> **What to produce**: Apart from the pictures, output all of the records exactly.

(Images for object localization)
----------
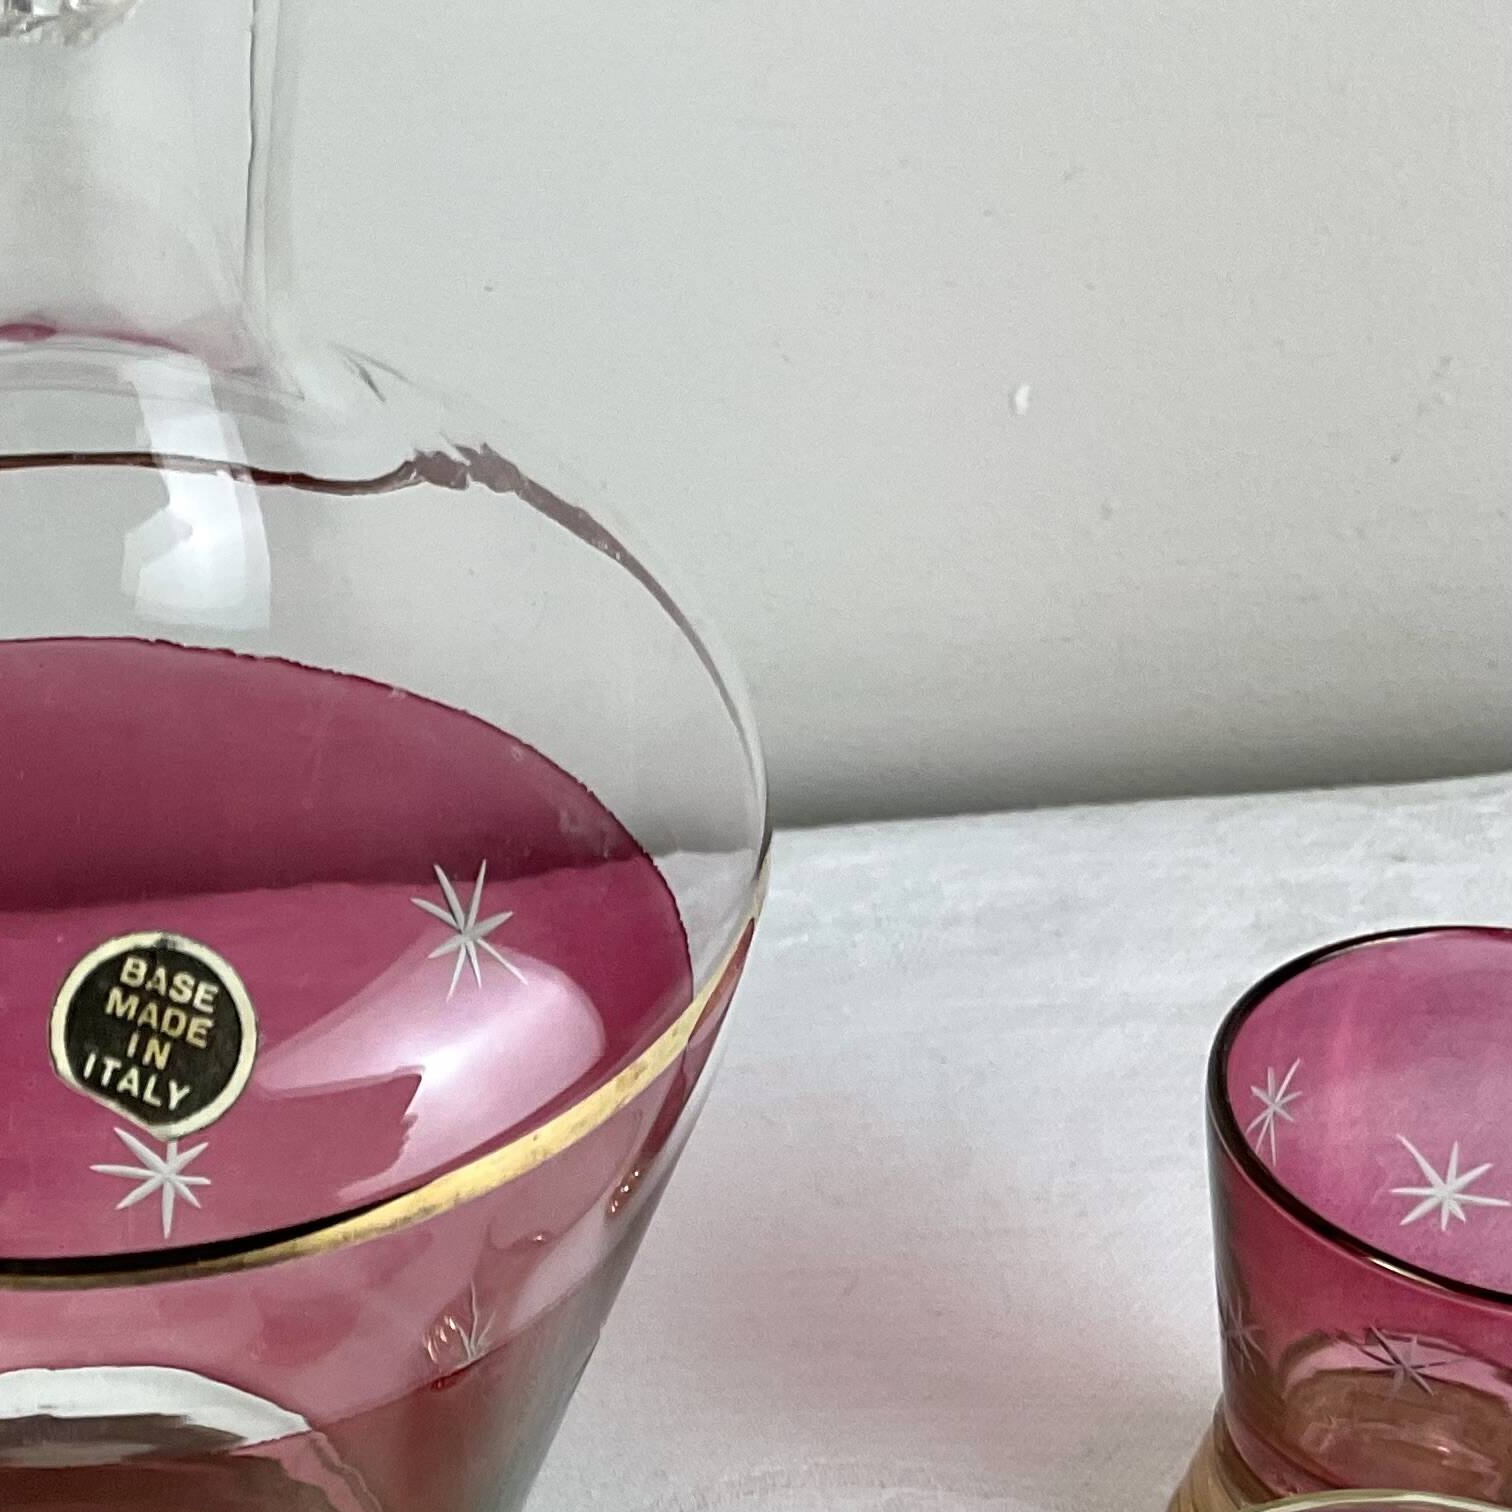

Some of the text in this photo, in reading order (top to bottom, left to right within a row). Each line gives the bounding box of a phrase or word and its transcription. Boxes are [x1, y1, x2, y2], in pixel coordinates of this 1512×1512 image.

[120, 957, 219, 1013] BASE
[105, 986, 215, 1049] MADE
[127, 1031, 171, 1070] IN
[83, 1052, 190, 1111] ITALY
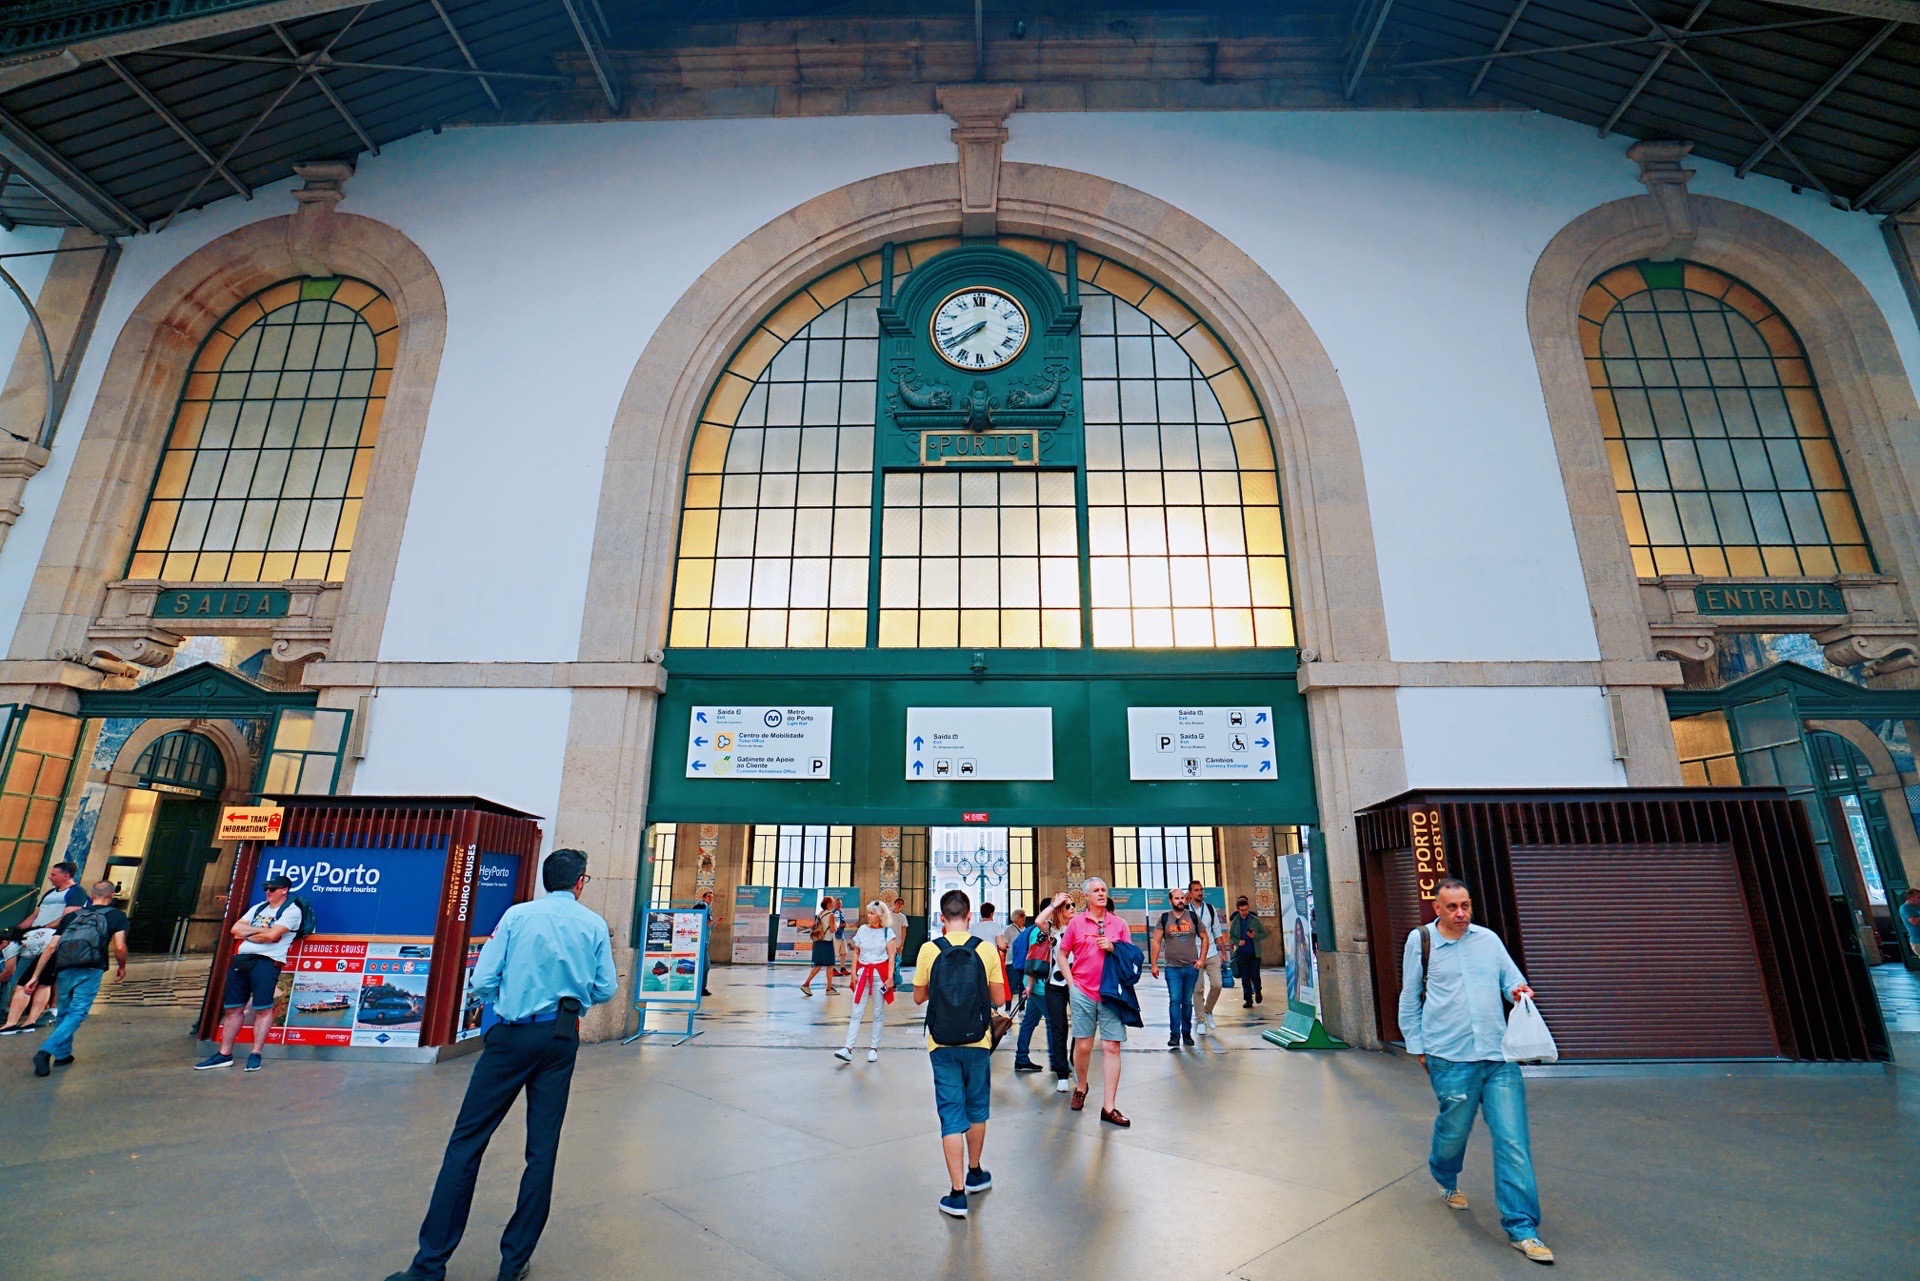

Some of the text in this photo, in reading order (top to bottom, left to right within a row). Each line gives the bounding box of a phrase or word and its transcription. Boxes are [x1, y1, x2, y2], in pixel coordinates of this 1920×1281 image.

[973, 297, 986, 307] XII
[941, 327, 953, 336] IX
[939, 436, 1019, 456] PORTO
[173, 594, 270, 614] SAIDA
[1706, 589, 1832, 610] ENTRADA
[1160, 737, 1171, 749] P
[812, 760, 823, 772] P
[1430, 810, 1446, 872] PORTO
[1412, 812, 1436, 900] FC PORTO
[266, 859, 380, 892] HeyPorto
[458, 844, 476, 921] DOURO CRUISES
[479, 865, 509, 881] HeyPorto
[452, 876, 460, 903] TICKET
[309, 944, 339, 953] BRIDGE'S
[341, 945, 365, 954] CRUISE
----------
> **Response box**:
Some of the text in this photo, in reading order (top to bottom, left to right within a row). Each line gives the bounding box of a phrase or word and its transcription. Boxes are [x1, y1, x2, y2], in pixel coordinates of this 1512×1512 image.

[120, 957, 219, 1013] BASE
[105, 986, 215, 1049] MADE
[127, 1031, 171, 1070] IN
[83, 1052, 190, 1111] ITALY

Some of the text in this photo, in reading order (top to bottom, left to right within a row). Each line gives the bounding box of a phrase or word and its transcription. Boxes are [x1, y1, x2, y2], in pixel coordinates of this 1920×1281 image.

[973, 297, 986, 307] XII
[941, 327, 953, 336] IX
[939, 436, 1019, 456] PORTO
[173, 594, 270, 614] SAIDA
[1706, 589, 1832, 610] ENTRADA
[1160, 737, 1171, 749] P
[812, 760, 823, 772] P
[1430, 810, 1446, 872] PORTO
[1412, 812, 1436, 900] FC PORTO
[266, 859, 380, 892] HeyPorto
[458, 844, 476, 921] DOURO CRUISES
[479, 865, 509, 881] HeyPorto
[452, 876, 460, 903] TICKET
[309, 944, 339, 953] BRIDGE'S
[341, 945, 365, 954] CRUISE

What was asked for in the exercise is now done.